A 26-year-old client has no children. She has had an abdominal hysterectomy. In the first 24 hours postoperatively, the nurse would be concerned if the client:
- A. Cries easily and says she is having abdominal pain
- B. Develops a temperature of 102°F
- C. Has no bowel sounds
- D. Has a urine output of 200 mL for 4 hours
Correct Answer: B
Rationale: The client may be more tearful than normal due to the stress of the surgery and its implications for her future life. She would be expected to have pain following surgery. A temperature of 102°F indicates an infectious process. This is not a normal sequence to surgery and indicates a need for further assessment. The client is expected to have no bowel sounds for 24-48 hours after surgery because of the trauma to the bowel. Normal urine output is 30 mL/hr. This represents an output of 50 mL/hr, which is greater than normal.
A client has been admitted to the labor and delivery unit in active labor. After assessing her, the RN notes that the client's fetus position is left occipital posterior. Which of the following statements best describes what this means to the labor process:
- A. Decreases the overall time of the labor process
- B. Prolongs the client's first stage of labor
- C. Decreases the time of the client's first stage of labor
- D. Prolongs the client's third stage of labor
Correct Answer: B
Rationale: The left occipital posterior position presents a larger fetal head diameter, increasing pressure on sacral nerves and prolonging the first stage of labor due to slower fetal descent.
A client delivered a stillborn male at term. An appropriate action of the nurse would be to:
- A. State, 'You have an angel in heaven.'
- B. Discourage the parents from seeing the baby.
- C. Provide an opportunity for the parents to see and hold the baby for an undetermined amount of time.
- D. Reassure the parents that they can have other children.
Correct Answer: C
Rationale: This is not a supportive statement. There are also no data to indicate the family's religious beliefs. Seeing their baby assists the parents in the grieving process. This gives them the opportunity to say 'good-bye.' Parents need time to get to know their baby. This is not a comforting statement when a baby has died. There are also no guarantees that the couple will be able to have another child.
A mother brings her 3-year-old child who is unconscious but breathing to the ER with an apparent drug overdose. The mother found an empty bottle of aspirin next to her child in the bathroom. Which nursing action is the most appropriate?
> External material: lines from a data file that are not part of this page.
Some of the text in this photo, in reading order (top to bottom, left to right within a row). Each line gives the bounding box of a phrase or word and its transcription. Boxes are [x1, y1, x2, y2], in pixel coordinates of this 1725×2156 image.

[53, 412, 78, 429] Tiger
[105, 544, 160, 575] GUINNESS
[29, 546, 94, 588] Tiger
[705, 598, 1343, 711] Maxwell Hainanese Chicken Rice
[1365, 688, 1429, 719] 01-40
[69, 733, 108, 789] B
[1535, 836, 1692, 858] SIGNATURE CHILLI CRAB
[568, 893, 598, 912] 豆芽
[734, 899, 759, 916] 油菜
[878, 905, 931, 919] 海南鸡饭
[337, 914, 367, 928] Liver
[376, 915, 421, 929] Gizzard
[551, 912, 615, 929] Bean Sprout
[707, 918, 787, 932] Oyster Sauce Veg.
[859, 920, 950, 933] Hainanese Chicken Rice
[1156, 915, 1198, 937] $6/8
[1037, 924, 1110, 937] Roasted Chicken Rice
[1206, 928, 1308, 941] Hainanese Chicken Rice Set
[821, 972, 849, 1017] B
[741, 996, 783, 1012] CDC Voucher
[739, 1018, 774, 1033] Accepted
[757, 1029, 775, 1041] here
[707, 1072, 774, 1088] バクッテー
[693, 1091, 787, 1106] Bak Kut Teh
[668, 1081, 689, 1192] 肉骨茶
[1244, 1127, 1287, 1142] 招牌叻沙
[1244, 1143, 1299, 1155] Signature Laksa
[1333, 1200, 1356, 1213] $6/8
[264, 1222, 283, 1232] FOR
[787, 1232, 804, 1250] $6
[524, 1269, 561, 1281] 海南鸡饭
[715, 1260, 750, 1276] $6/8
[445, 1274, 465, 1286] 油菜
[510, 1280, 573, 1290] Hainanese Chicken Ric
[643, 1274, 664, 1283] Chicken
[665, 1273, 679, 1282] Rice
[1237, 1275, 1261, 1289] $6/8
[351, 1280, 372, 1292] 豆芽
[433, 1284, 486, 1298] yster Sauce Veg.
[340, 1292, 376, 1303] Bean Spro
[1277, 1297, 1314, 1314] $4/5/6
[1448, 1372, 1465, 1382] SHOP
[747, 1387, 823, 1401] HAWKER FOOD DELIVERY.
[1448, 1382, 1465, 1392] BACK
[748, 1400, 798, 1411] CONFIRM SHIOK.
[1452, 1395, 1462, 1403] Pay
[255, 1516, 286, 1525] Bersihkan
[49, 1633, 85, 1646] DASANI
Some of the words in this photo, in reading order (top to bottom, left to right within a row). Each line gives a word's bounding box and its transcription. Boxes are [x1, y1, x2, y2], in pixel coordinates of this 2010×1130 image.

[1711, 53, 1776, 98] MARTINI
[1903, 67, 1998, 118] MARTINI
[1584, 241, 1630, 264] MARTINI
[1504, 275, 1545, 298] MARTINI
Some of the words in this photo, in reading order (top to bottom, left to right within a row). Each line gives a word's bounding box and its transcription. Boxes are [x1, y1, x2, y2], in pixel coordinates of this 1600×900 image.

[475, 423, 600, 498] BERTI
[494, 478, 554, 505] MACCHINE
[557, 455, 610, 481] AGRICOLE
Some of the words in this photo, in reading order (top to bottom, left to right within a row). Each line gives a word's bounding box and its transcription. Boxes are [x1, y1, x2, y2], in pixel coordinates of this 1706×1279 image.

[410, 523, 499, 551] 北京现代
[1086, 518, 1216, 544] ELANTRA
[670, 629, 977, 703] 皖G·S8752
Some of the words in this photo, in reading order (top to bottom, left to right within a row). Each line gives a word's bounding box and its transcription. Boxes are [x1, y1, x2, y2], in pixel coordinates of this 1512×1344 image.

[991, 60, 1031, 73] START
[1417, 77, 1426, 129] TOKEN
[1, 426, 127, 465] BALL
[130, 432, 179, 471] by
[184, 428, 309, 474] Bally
- A. Put in a nasogastric tube and lavage the child's stomach.
- B. Monitor muscular status.
- C. Teach mother poison prevention techniques.
- D. Place child on respiratory assistance.
Correct Answer: A
Rationale: The immediate treatment for drug overdose is removal of the drug from the stomach by either forced emesis or gastric lavage. The child's unconscious state prohibits forced emesis. Toxic amounts of salicylates directly affect the respiratory system, which could lead to respiratory failure. The mother's anxiety is probably so high that preventive guidance will be ineffective. Respiratory assistance is not needed if the child's respiratory function is unaltered.